EXERCISE DESCRIPTION:
Take each line from the entries that holds "WEDDING" and copy it out.

RECORDED DATA:
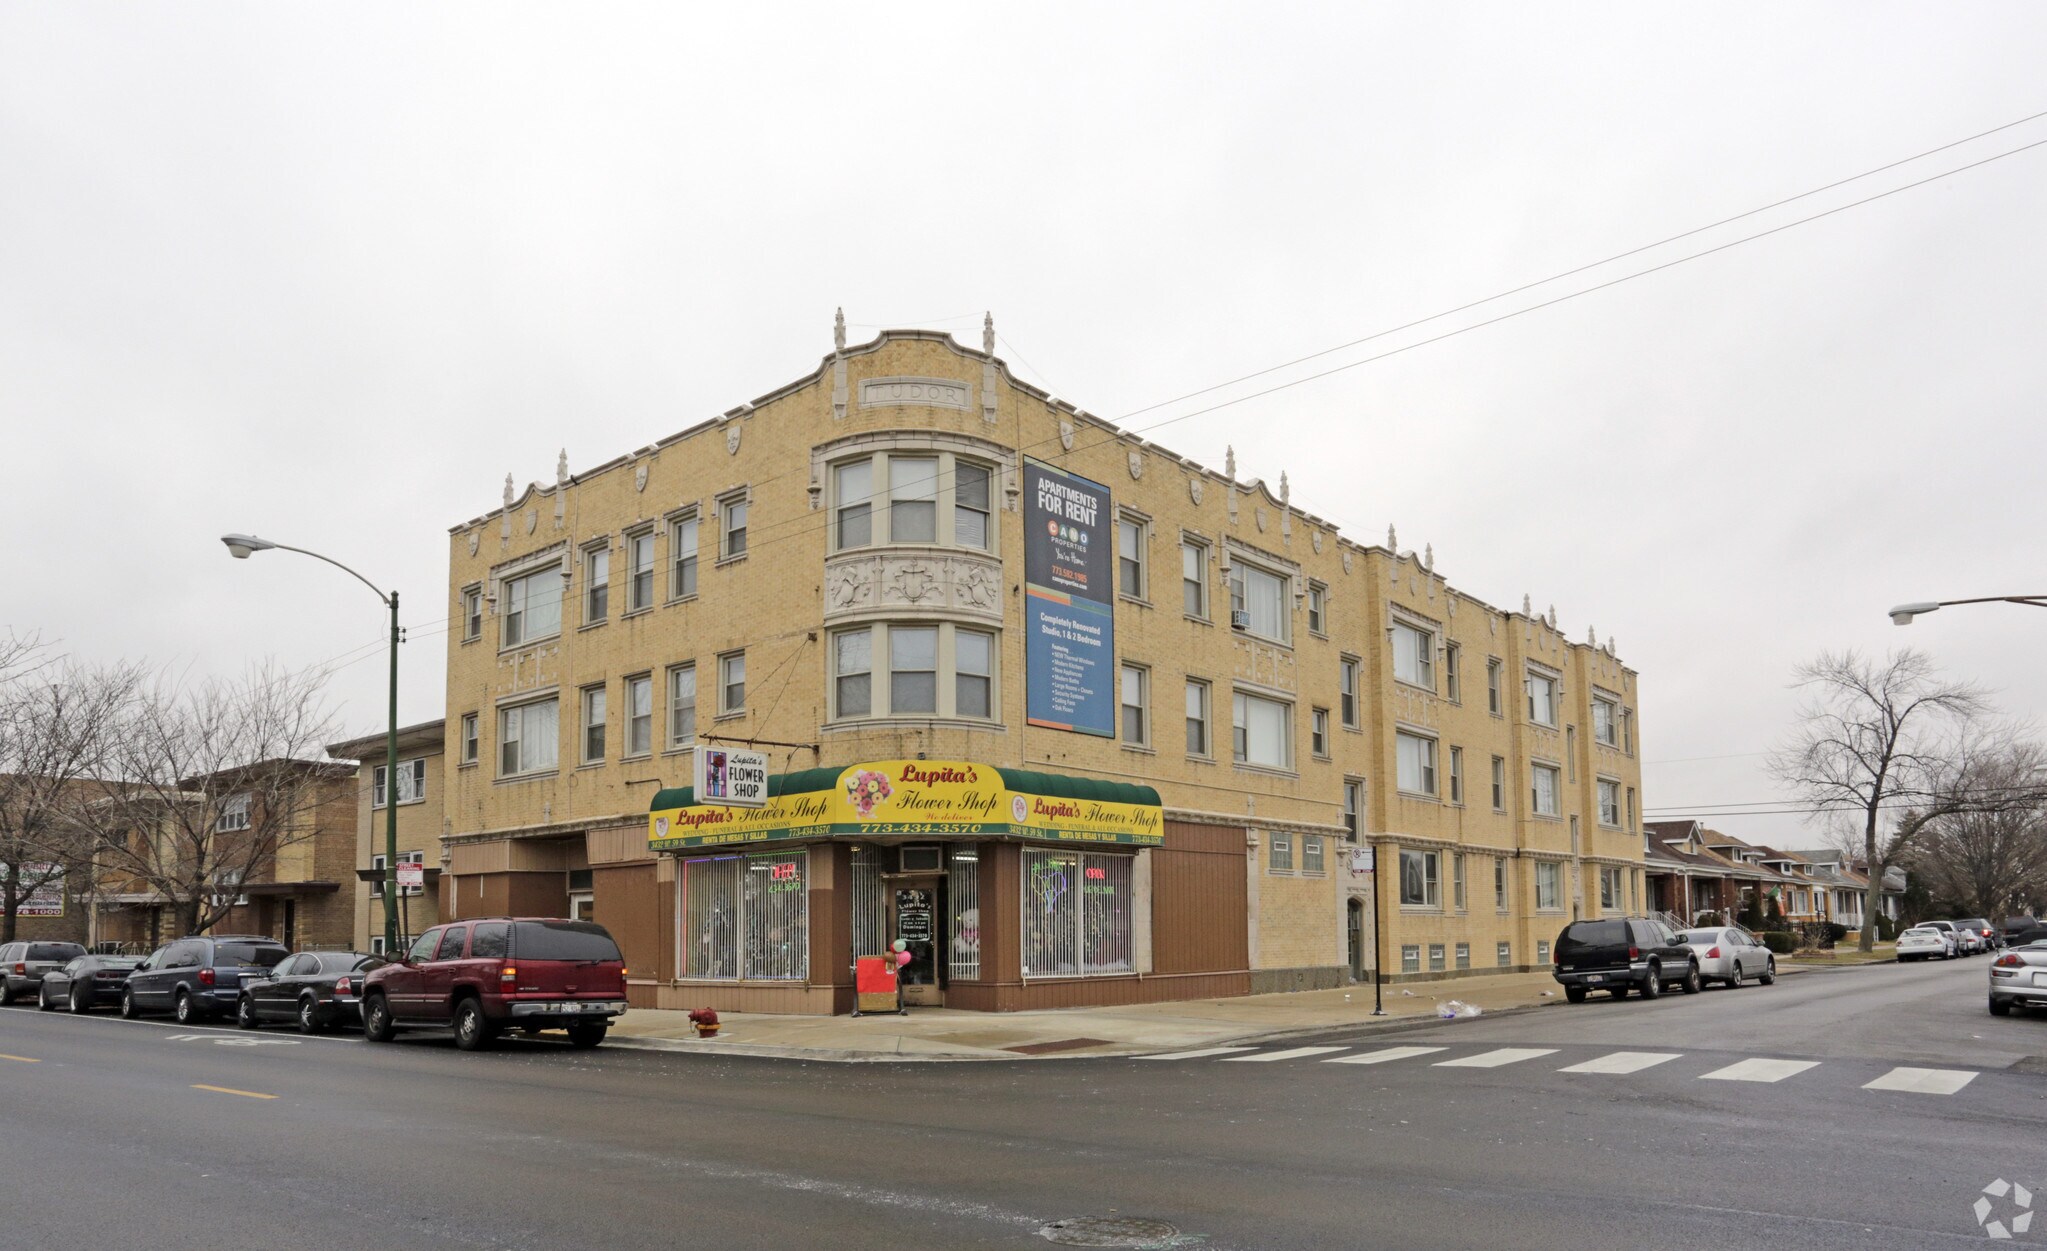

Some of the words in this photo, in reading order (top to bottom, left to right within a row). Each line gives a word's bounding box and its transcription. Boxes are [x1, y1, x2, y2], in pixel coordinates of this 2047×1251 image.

[871, 385, 958, 401] TUDOR
[1038, 477, 1097, 509] APARTMENTS
[1038, 490, 1062, 516] FOR
[1065, 500, 1097, 527] RENT
[1049, 520, 1088, 544] CANO
[1051, 536, 1087, 553] PROPERTIES
[1040, 612, 1071, 629] Completely
[1072, 620, 1101, 635] Renovated
[1041, 624, 1062, 638] Studio,
[1066, 631, 1072, 640] &
[1072, 632, 1077, 640] 2
[1077, 633, 1101, 647] Bedroom
[730, 754, 763, 766] Lupita's
[729, 766, 764, 784] FLOWER
[899, 764, 978, 788] Lupita's
[734, 783, 760, 798] SHOP
[896, 789, 952, 810] Flower
[957, 790, 998, 818] Shop
[676, 806, 734, 829] Lupita's
[739, 806, 785, 823] Flower
[790, 796, 828, 823] Shop
[925, 812, 940, 821] We
[941, 811, 974, 821] deliver
[1033, 797, 1081, 821] Lupita's
[1084, 803, 1126, 823] Flower
[1130, 807, 1158, 833] Shop
[683, 829, 710, 837] WEDDING
[713, 826, 738, 834] FUNERAL
[745, 823, 757, 831] ALL
[757, 821, 791, 832] OCCASIONS
[788, 825, 831, 837] 773-434-3570
[860, 823, 982, 833] 773-434-3570
[1008, 825, 1022, 835] 3432
[1038, 821, 1065, 830] WEDDING
[1068, 823, 1091, 831] FUNERAL
[1107, 825, 1134, 834] OCCASIONS
[702, 835, 718, 845] RENTA
[719, 834, 727, 843] DE
[727, 833, 745, 842] MESAS
[744, 832, 749, 840] Y
[749, 831, 767, 840] SILLAS
[1058, 830, 1074, 840] RENTA
[1075, 831, 1082, 840] DE
[1082, 832, 1098, 841] MESAS
[1097, 832, 1102, 840] Y
[1102, 833, 1117, 842] SILLAS
[651, 840, 664, 849] 3432
[1085, 867, 1105, 879] OPEN

RESPONSE BOX:
[683, 829, 710, 837] WEDDING
[1038, 821, 1065, 830] WEDDING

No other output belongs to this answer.